Bad Faith: Assignemnts, Consent Judgments, & Dowse Settlements

ASSIGNMENTS, CONSENT JUDGMENTS AND DOWSE SETTLEMENTS

Many lawsuits involving an insurer’s bad-faith failure to settle are brought by the claimant and not by the insured. Others are brought by both the claimant and the insured. Because a third-party claimant that lacks privity with the insurance company generally has no cause of action against the insurer for claims handling, a claimant who prosecutes a bad-faith claim generally does so by taking an assignment from the insured. Because liability policies have clauses forbidding the insured from assigning claims or settling claims without the insurer’s consent, such assignments can only be accomplished in certain situations.

bad faith litigationSouthern Guaranty Ins. Co. v. Dowse

The classic situation was presented in Southern Guaranty Ins. Co. v. Dowse. In that case, the claimant brought a lawsuit against a contractor who was insured under a commercial general liability policy. The insurer denied coverage and refused to defend. The claimant and insured entered into a settlement agreement, under which the insured withdrew its answer and allowed a default judgment to be rendered against it. The settlement agreement also provided that the claimant would not seek to enforce the judgment against the insured’s personal assets, but would limit its recovery to any amounts due under the insurance policy. The matter went to trial on damages.

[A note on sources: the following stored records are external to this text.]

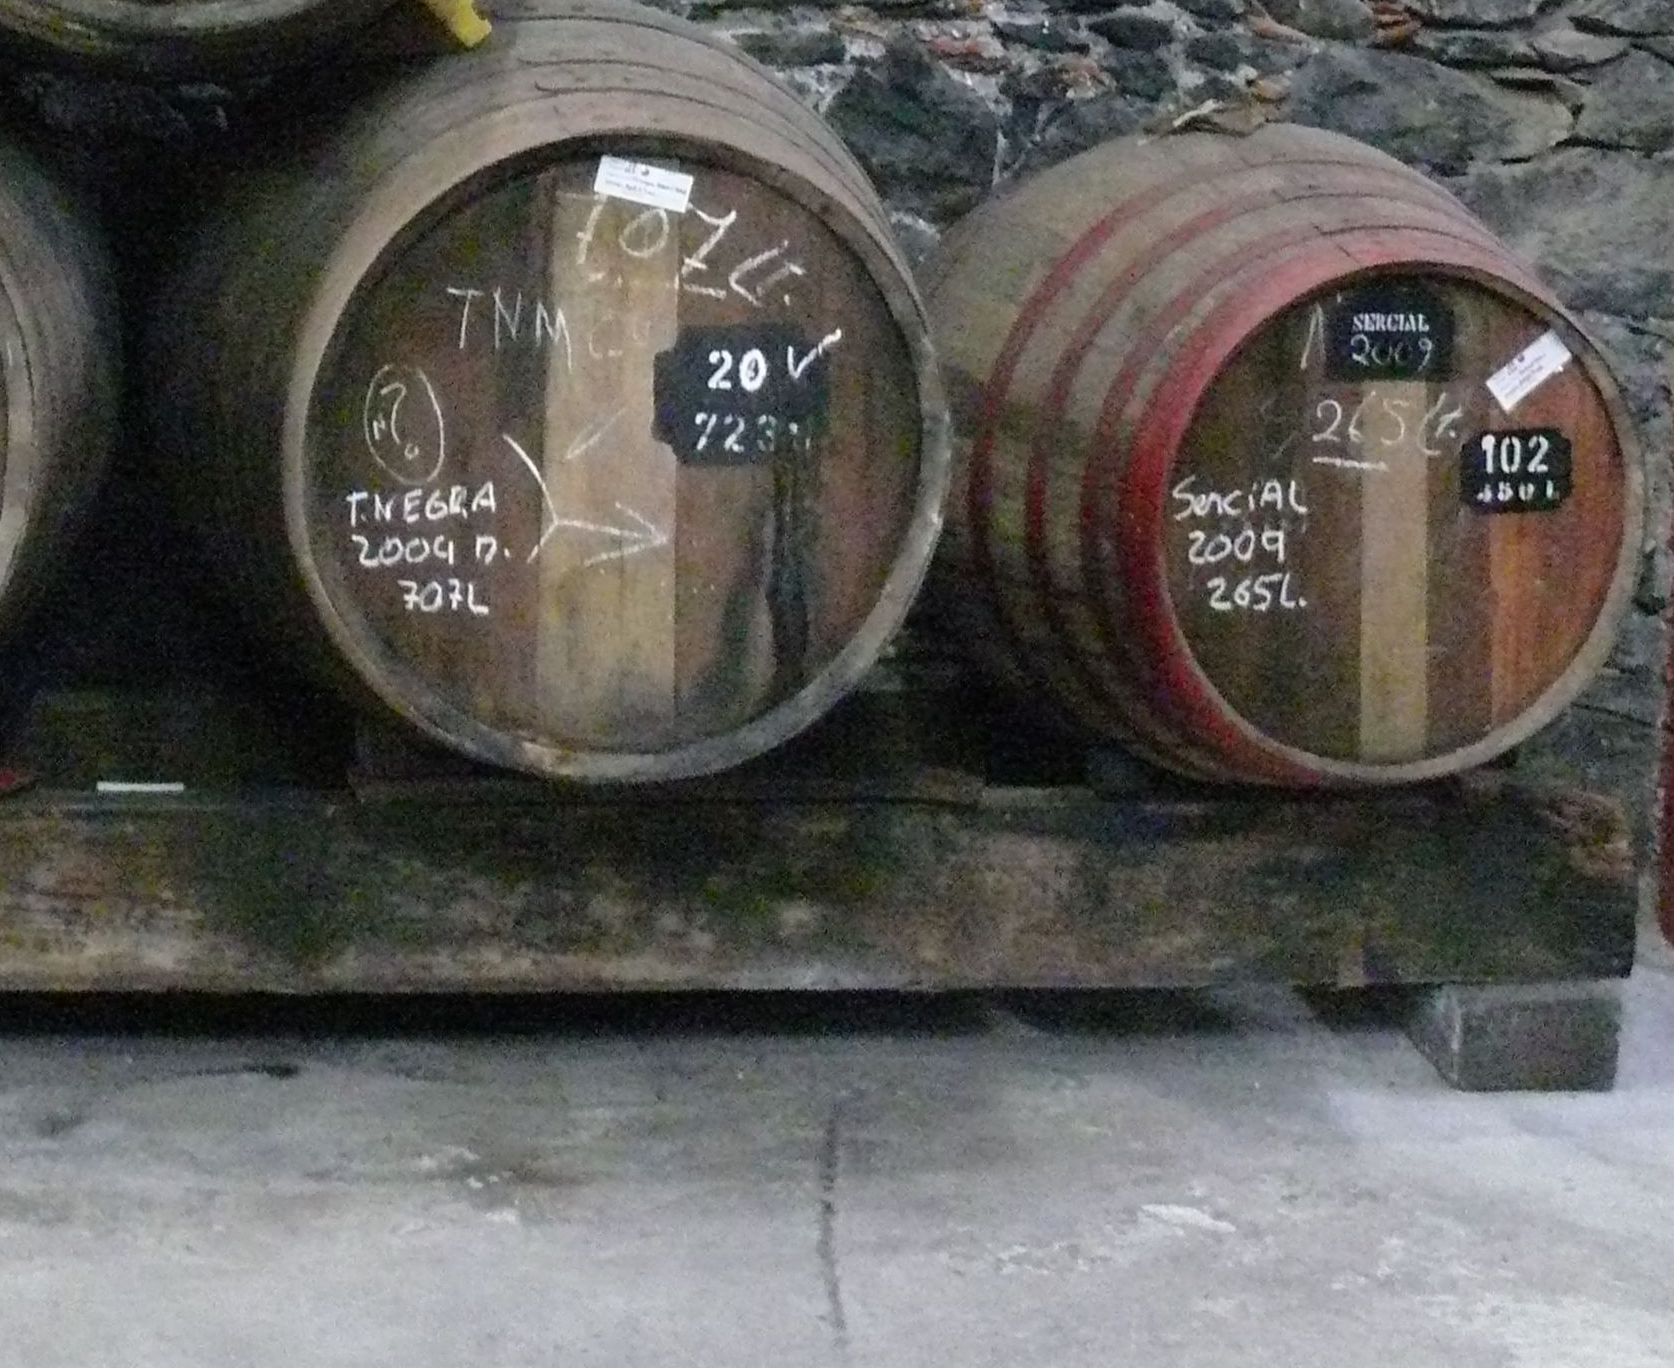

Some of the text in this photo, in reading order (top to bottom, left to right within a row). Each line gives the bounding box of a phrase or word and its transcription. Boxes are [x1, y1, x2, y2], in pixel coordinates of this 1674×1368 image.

[1352, 312, 1430, 332] SERCIAL
[707, 348, 767, 392] 20
[1480, 433, 1550, 474] 102
[346, 481, 498, 528] T.NEGRA
[351, 533, 456, 568] 2004
[1188, 529, 1287, 565] 2009
[397, 578, 491, 616] 707L
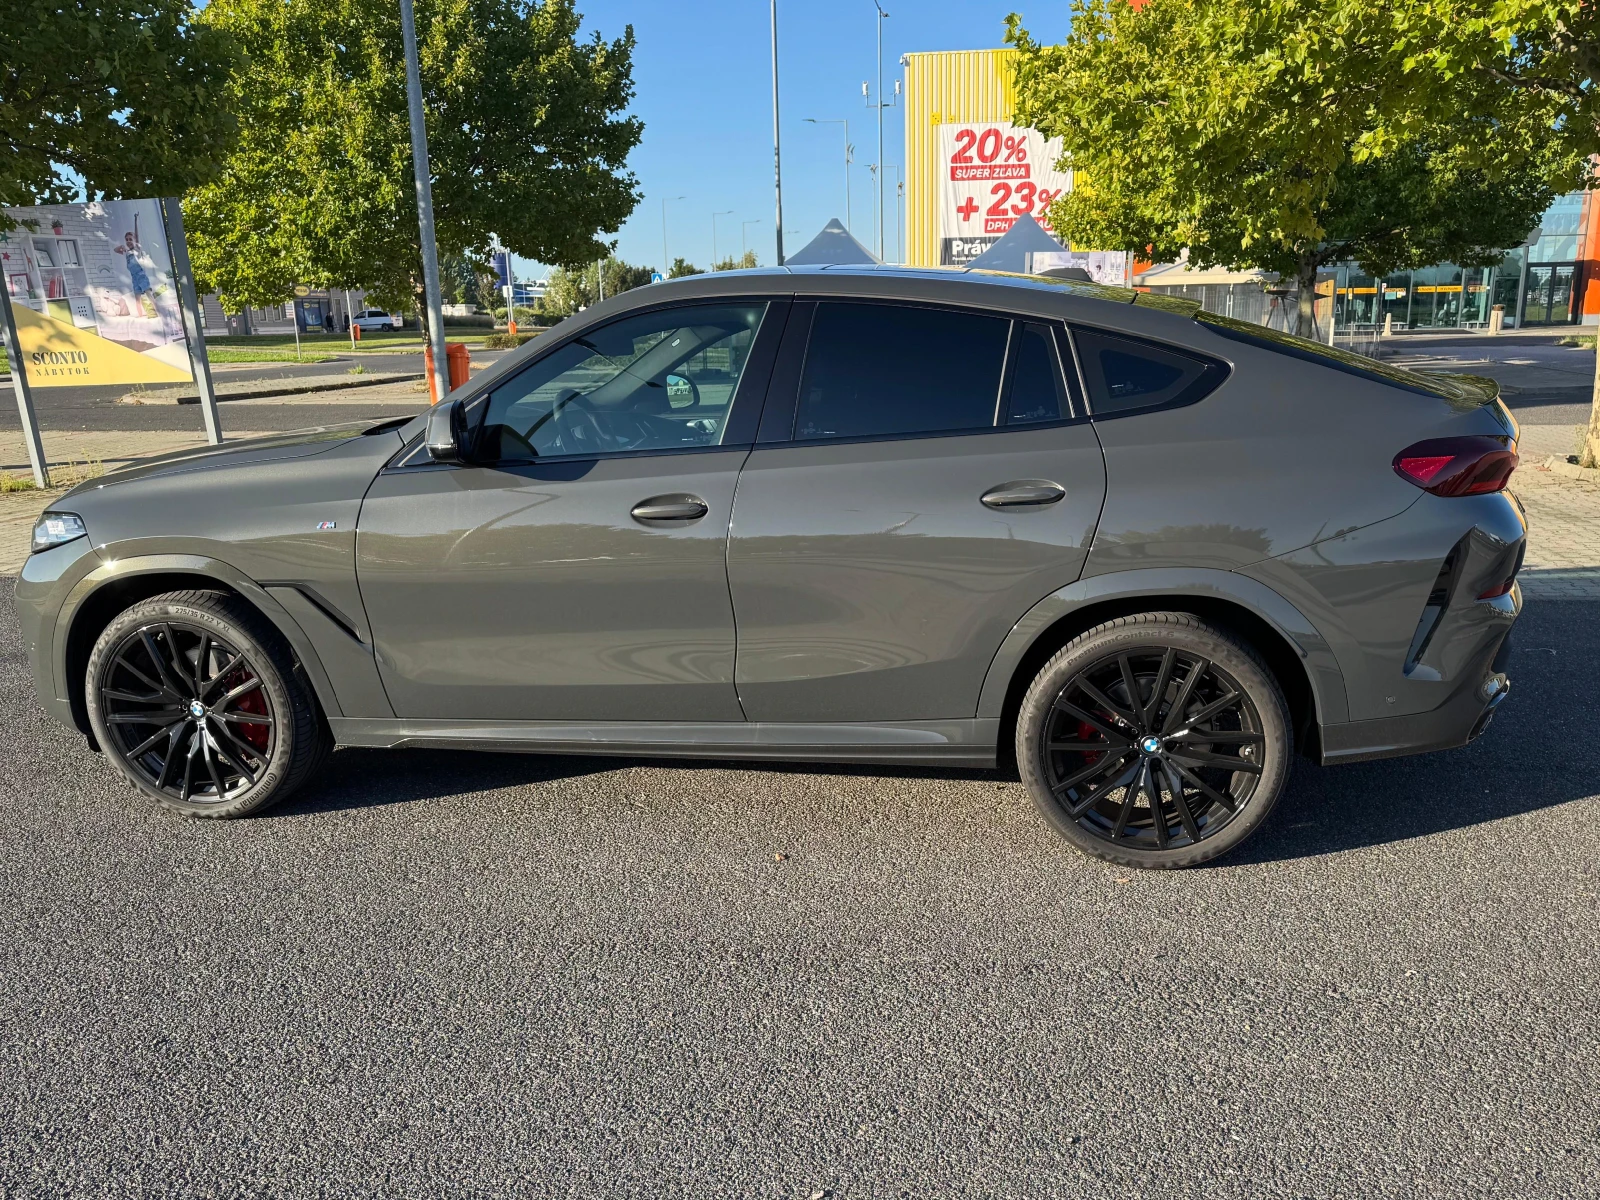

Damages were awarded against the insured, and the claimant initiated a garnishment action directly against the contractor’s insurance company.The insurer argued that because the insured faced no liability under the settlement agreement, there was no indemnity obligation for the insurer to undertake. The insurer also argued that it was relieved of liability because the insured had breached policy provisions barring settlement without the insurer’s consent. The Supreme Court of Georgia rejected both defenses, holding that an insurer that refuses to defend based upon a belief that a claim against its insured is excluded from a policy’s scope of coverage “[does] so at its peril, and if the insurer guesses wrong, it must bear the consequences, legal or otherwise, of its breach of contract.” The Court continued as follows:

In Georgia, an insurer that denies coverage and refuses to defend an action against its insured, when it could have done so with a reservation of its rights as to coverage, waives the provisions of the policy against a settlement by the insured and becomes bound to pay the amount of any settlement within a policy’s limits made in good faith, plus expenses and attorneys’ fees.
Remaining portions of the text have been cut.